» **WHAT THE TASK REQUIRES**:
Each line in the material below must be transcribed exactly; no picture belongs in the copy.

[[ RECORDS PROVIDED, beginning ]]

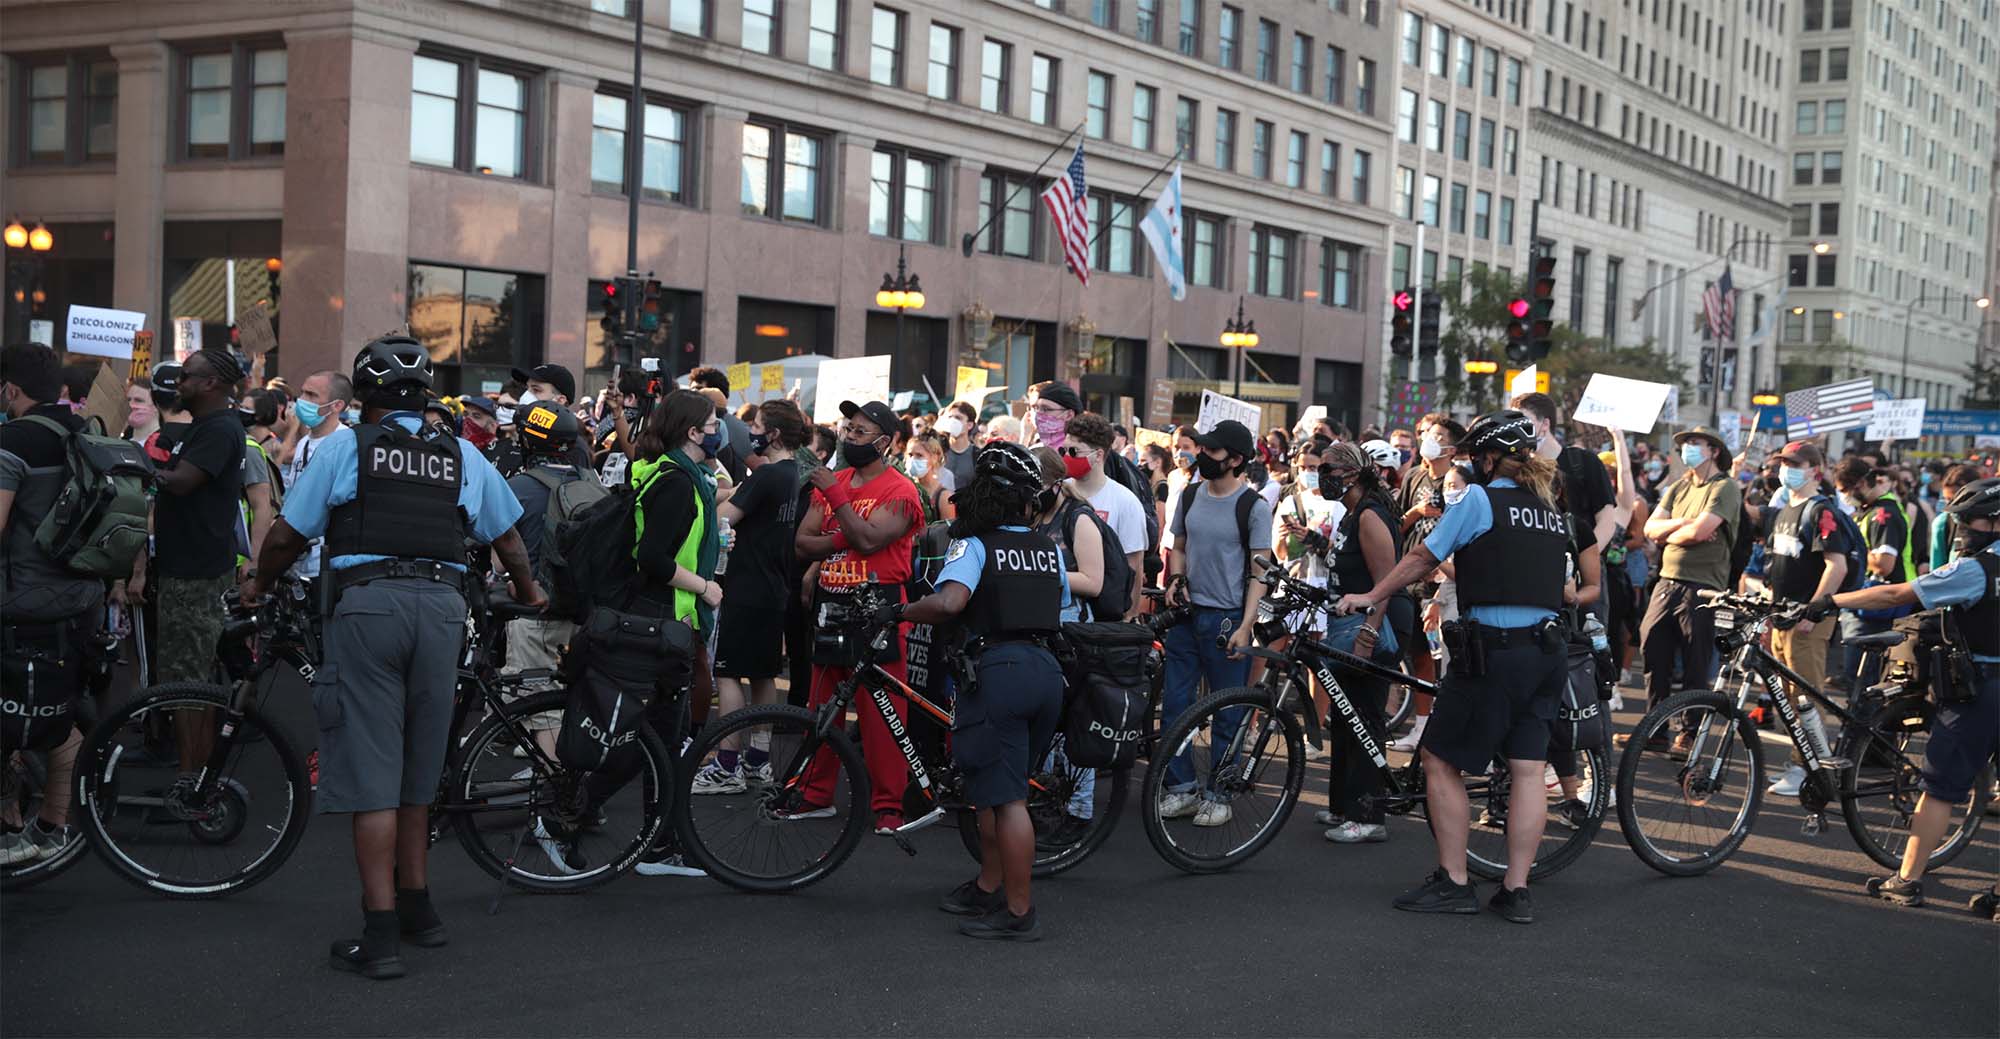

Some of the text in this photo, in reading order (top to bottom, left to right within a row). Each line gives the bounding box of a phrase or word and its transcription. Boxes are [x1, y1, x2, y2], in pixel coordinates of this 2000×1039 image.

[72, 316, 138, 332] DECOLONIZE
[531, 412, 551, 426] OUT
[1875, 408, 1918, 419] JUSTICE
[1876, 428, 1908, 438] PEACE
[372, 447, 455, 481] POLICE
[1508, 506, 1566, 535] POLICE
[995, 549, 1058, 573] POLICE
[0, 697, 67, 718] OLICE
[1317, 668, 1353, 717] CHICAGO
[1348, 715, 1380, 758] POLICE
[1559, 703, 1599, 721] OLICE
[1767, 673, 1815, 761] CHICAGO POLICE
[580, 716, 636, 748] POLICE
[872, 687, 926, 778] CHICAGO POLICE
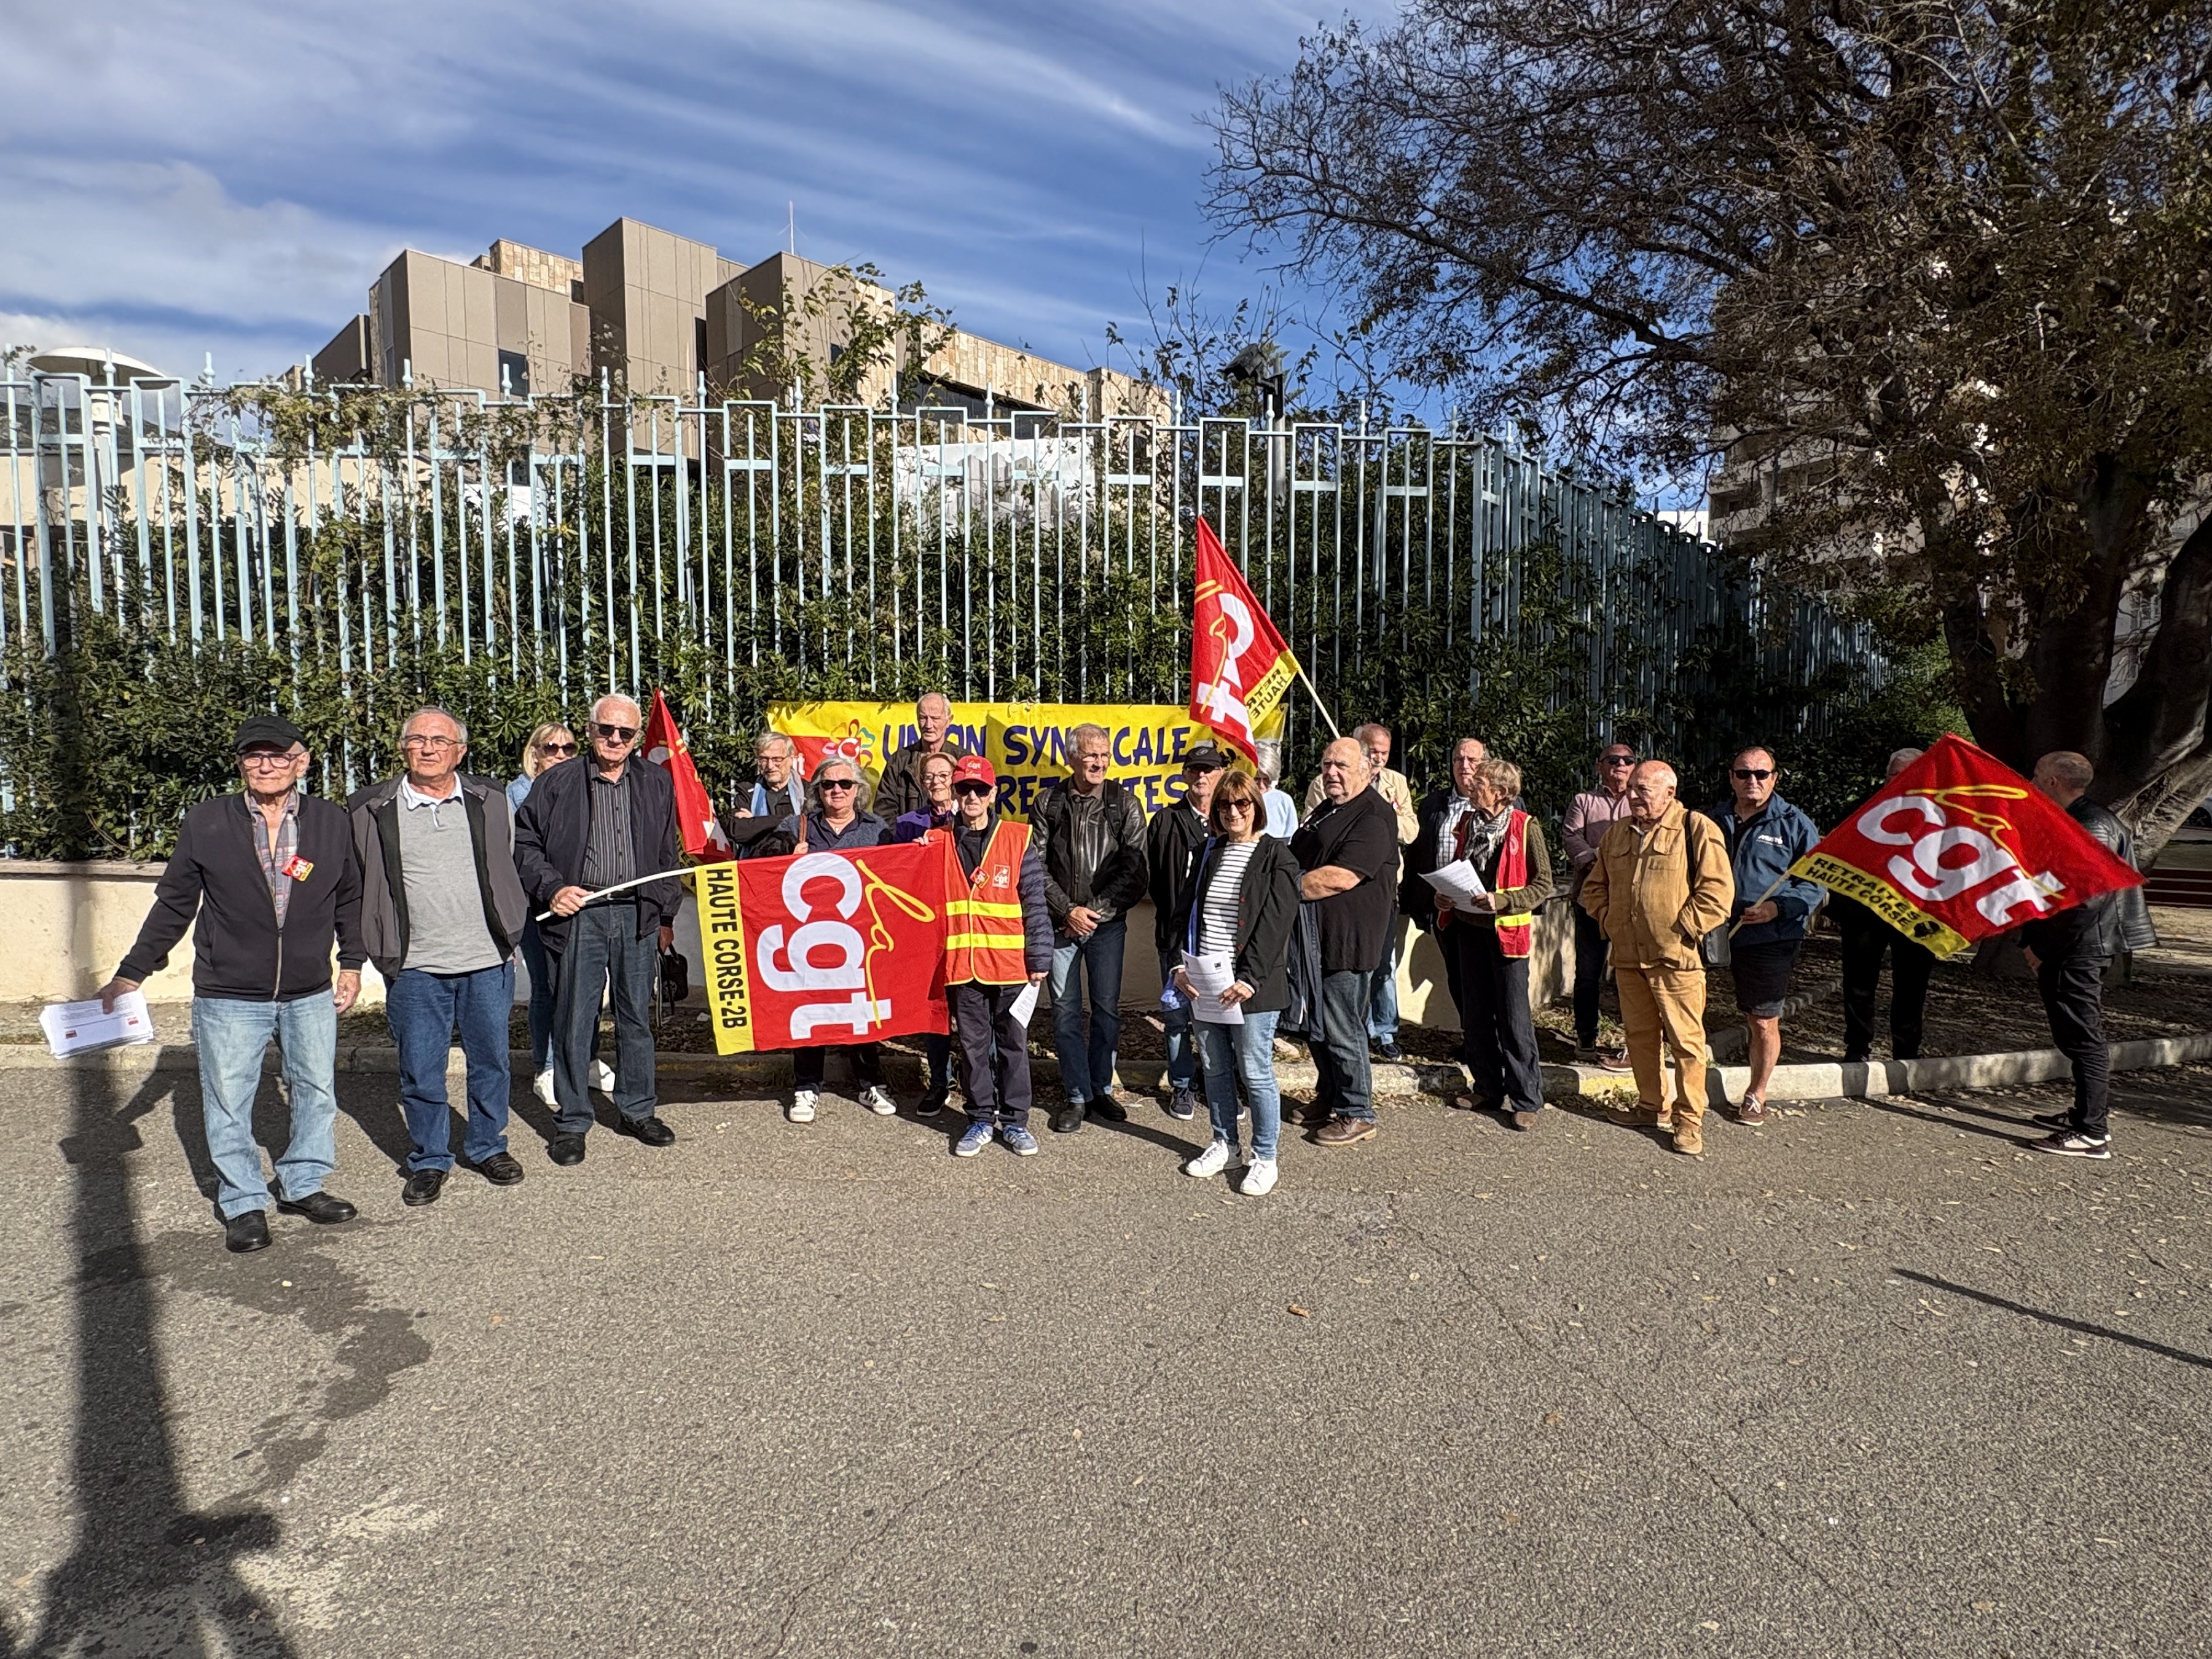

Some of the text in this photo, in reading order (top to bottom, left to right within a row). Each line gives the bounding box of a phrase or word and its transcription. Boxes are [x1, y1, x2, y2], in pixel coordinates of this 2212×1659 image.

[1003, 725, 1191, 767] SYNCALE
[994, 874, 1008, 885] cgt
[1814, 857, 1921, 920] RETRAITES
[1857, 796, 2066, 927] cgt
[706, 868, 737, 934] HAUTE
[1805, 866, 1912, 927] HAUTE CORSE
[756, 852, 892, 1040] cgt
[713, 938, 748, 1029] CORSE-2B
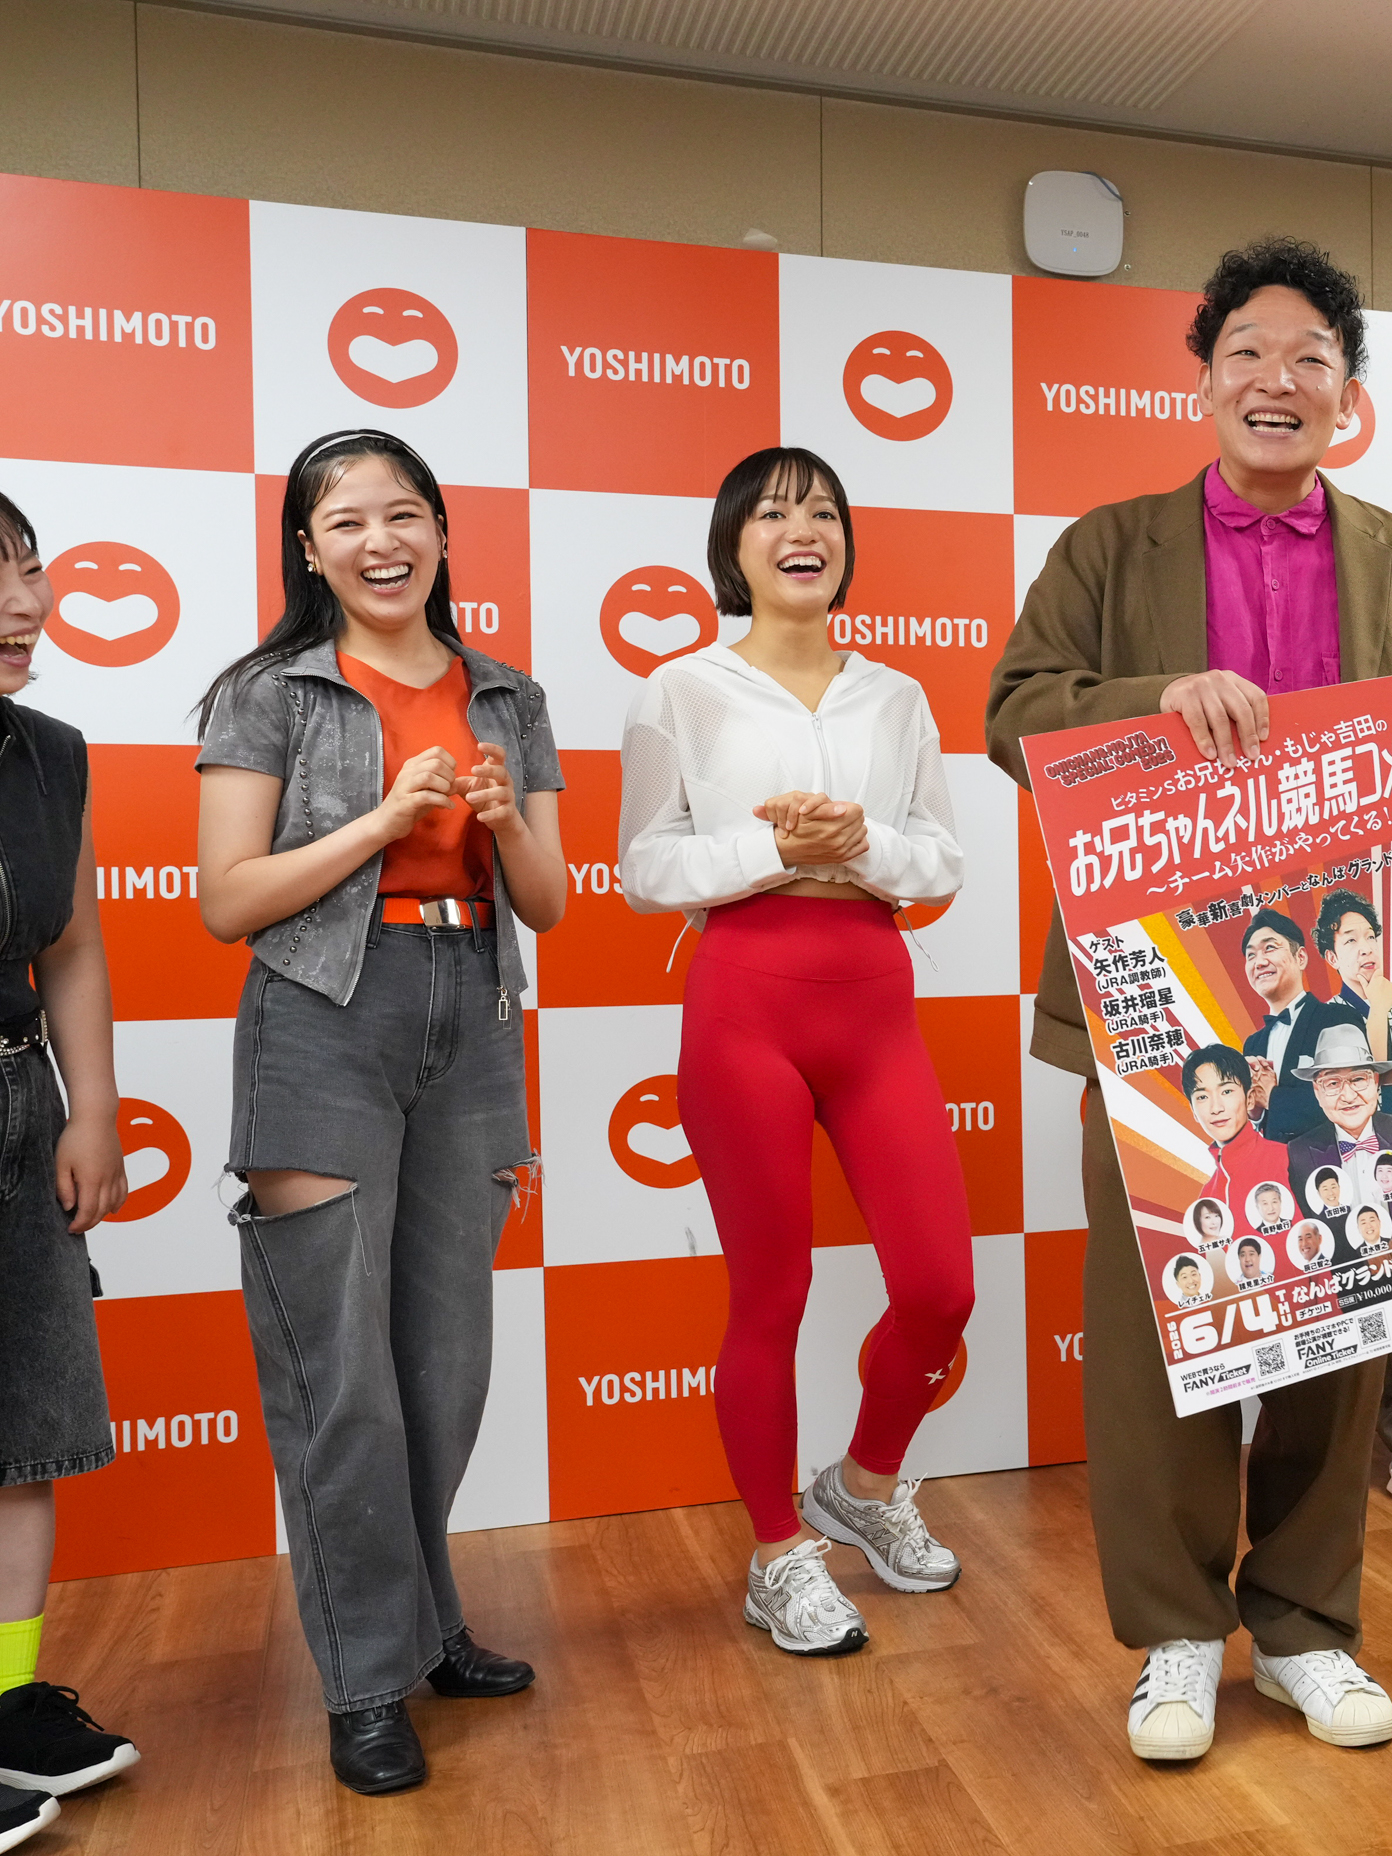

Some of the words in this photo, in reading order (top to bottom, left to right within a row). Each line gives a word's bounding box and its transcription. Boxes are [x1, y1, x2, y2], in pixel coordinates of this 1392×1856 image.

[0, 299, 216, 350] YOSHIMOTO
[561, 345, 750, 390] YOSHIMOTO
[1041, 382, 1203, 422] YOSHIMOTO
[827, 614, 988, 648] OSHIMOTO
[1060, 758, 1116, 787] SPECIAL
[1114, 737, 1169, 767] COMEDY!
[1141, 750, 1176, 771] 2026
[1089, 935, 1124, 953] ゲスト
[1093, 946, 1165, 977] 矢作芳人
[1103, 987, 1175, 1018] 坂井瑠星
[1112, 1029, 1185, 1060] 古川奈穂
[1178, 1292, 1213, 1308] レイチェル
[1275, 1290, 1293, 1327] THU
[1299, 1303, 1330, 1319] チケット
[1179, 1294, 1280, 1355] 6/4
[1167, 1321, 1184, 1360] 2026
[1297, 1338, 1335, 1360] FANY
[1180, 1363, 1226, 1382] WEBで買うなら
[1306, 1353, 1332, 1368] Online
[1332, 1346, 1356, 1360] Ticket
[578, 1366, 716, 1406] YOSHIM
[1183, 1375, 1218, 1393] FANY
[1221, 1367, 1248, 1381] Ticket

[[ RECORDS PROVIDED, end ]]

» **SOLVED EXERCISE**:
Some of the text in this photo, in reading order (top to bottom, left to right within a row). Each line gives the bounding box of a phrase or word and its transcription. Boxes are [x1, y1, x2, y2], in pixel coordinates of this 2000×1039 image.

[72, 316, 138, 332] DECOLONIZE
[531, 412, 551, 426] OUT
[1875, 408, 1918, 419] JUSTICE
[1876, 428, 1908, 438] PEACE
[372, 447, 455, 481] POLICE
[1508, 506, 1566, 535] POLICE
[995, 549, 1058, 573] POLICE
[0, 697, 67, 718] OLICE
[1317, 668, 1353, 717] CHICAGO
[1348, 715, 1380, 758] POLICE
[1559, 703, 1599, 721] OLICE
[1767, 673, 1815, 761] CHICAGO POLICE
[580, 716, 636, 748] POLICE
[872, 687, 926, 778] CHICAGO POLICE

Some of the text in this photo, in reading order (top to bottom, left to right within a row). Each line gives the bounding box of a phrase or word and its transcription. Boxes are [x1, y1, x2, y2], in pixel coordinates of this 2212×1659 image.

[1003, 725, 1191, 767] SYNCALE
[994, 874, 1008, 885] cgt
[1814, 857, 1921, 920] RETRAITES
[1857, 796, 2066, 927] cgt
[706, 868, 737, 934] HAUTE
[1805, 866, 1912, 927] HAUTE CORSE
[756, 852, 892, 1040] cgt
[713, 938, 748, 1029] CORSE-2B

Some of the words in this photo, in reading order (top to bottom, left to right within a row). Each line gives a word's bounding box and its transcription. Boxes are [x1, y1, x2, y2], in pixel coordinates of this 1392×1856 image.

[0, 299, 216, 350] YOSHIMOTO
[561, 345, 750, 390] YOSHIMOTO
[1041, 382, 1203, 422] YOSHIMOTO
[827, 614, 988, 648] OSHIMOTO
[1060, 758, 1116, 787] SPECIAL
[1114, 737, 1169, 767] COMEDY!
[1141, 750, 1176, 771] 2026
[1089, 935, 1124, 953] ゲスト
[1093, 946, 1165, 977] 矢作芳人
[1103, 987, 1175, 1018] 坂井瑠星
[1112, 1029, 1185, 1060] 古川奈穂
[1178, 1292, 1213, 1308] レイチェル
[1275, 1290, 1293, 1327] THU
[1299, 1303, 1330, 1319] チケット
[1179, 1294, 1280, 1355] 6/4
[1167, 1321, 1184, 1360] 2026
[1297, 1338, 1335, 1360] FANY
[1180, 1363, 1226, 1382] WEBで買うなら
[1306, 1353, 1332, 1368] Online
[1332, 1346, 1356, 1360] Ticket
[578, 1366, 716, 1406] YOSHIM
[1183, 1375, 1218, 1393] FANY
[1221, 1367, 1248, 1381] Ticket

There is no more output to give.